------ Data for review

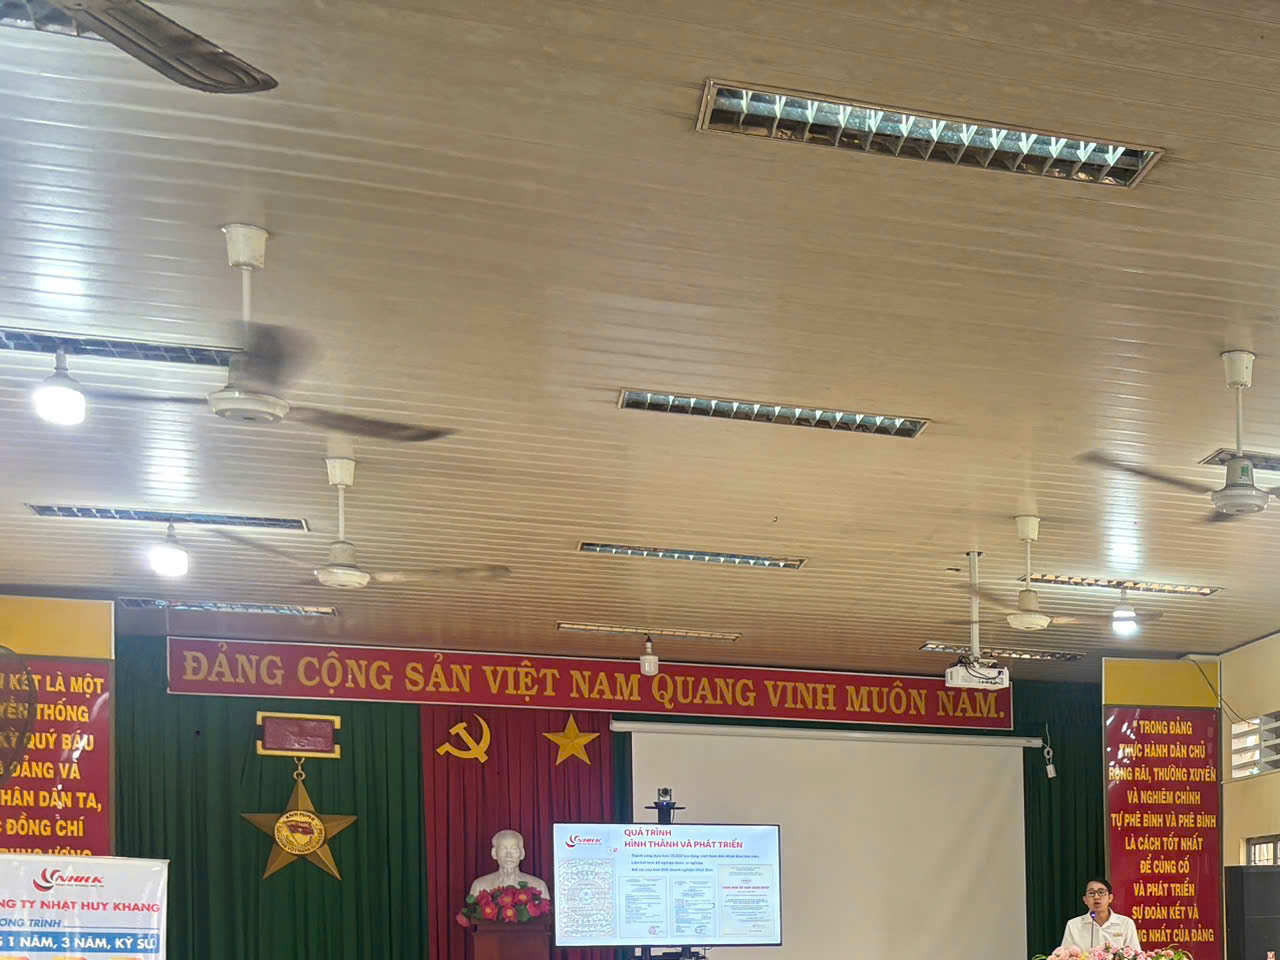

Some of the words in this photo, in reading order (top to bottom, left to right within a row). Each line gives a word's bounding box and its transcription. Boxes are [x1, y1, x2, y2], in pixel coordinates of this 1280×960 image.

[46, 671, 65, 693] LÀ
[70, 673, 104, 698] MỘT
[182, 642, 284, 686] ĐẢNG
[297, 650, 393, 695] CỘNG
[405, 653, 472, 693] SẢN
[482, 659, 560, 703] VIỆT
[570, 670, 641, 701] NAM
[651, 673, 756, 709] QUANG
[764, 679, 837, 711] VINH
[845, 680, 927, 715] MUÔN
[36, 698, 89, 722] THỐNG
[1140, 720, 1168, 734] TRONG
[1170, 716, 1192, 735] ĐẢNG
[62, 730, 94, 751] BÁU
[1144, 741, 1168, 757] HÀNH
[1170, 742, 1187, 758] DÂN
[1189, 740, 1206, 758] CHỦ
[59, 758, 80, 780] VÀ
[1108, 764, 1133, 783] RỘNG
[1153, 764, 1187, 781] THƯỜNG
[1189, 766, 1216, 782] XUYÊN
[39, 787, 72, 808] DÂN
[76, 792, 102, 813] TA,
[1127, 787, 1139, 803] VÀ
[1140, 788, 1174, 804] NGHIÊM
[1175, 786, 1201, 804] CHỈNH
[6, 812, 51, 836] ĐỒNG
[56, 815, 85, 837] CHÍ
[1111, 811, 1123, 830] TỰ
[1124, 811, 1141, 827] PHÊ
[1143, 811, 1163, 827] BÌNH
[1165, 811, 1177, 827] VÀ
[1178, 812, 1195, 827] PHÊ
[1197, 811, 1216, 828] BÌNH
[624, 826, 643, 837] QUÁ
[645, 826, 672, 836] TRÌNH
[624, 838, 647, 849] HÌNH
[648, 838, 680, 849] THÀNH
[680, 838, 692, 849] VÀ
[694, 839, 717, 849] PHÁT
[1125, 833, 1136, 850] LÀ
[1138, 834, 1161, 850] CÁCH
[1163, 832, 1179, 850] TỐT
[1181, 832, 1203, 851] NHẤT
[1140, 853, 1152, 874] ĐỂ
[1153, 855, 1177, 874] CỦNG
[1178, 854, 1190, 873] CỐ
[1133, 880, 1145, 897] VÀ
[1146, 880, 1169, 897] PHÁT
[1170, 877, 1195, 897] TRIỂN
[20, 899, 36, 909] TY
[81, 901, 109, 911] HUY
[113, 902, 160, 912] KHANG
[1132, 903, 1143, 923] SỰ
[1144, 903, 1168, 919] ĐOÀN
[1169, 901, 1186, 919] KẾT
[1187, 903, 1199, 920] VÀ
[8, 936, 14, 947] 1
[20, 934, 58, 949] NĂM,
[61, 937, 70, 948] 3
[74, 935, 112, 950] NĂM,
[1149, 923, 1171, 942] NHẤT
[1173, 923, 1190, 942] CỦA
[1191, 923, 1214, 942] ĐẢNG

------------

» **Instructions to follow**
Find the word "PHÁT" in the entries above and gather every line that holds it.

» **Solution to the problem**
[694, 839, 717, 849] PHÁT
[1146, 880, 1169, 897] PHÁT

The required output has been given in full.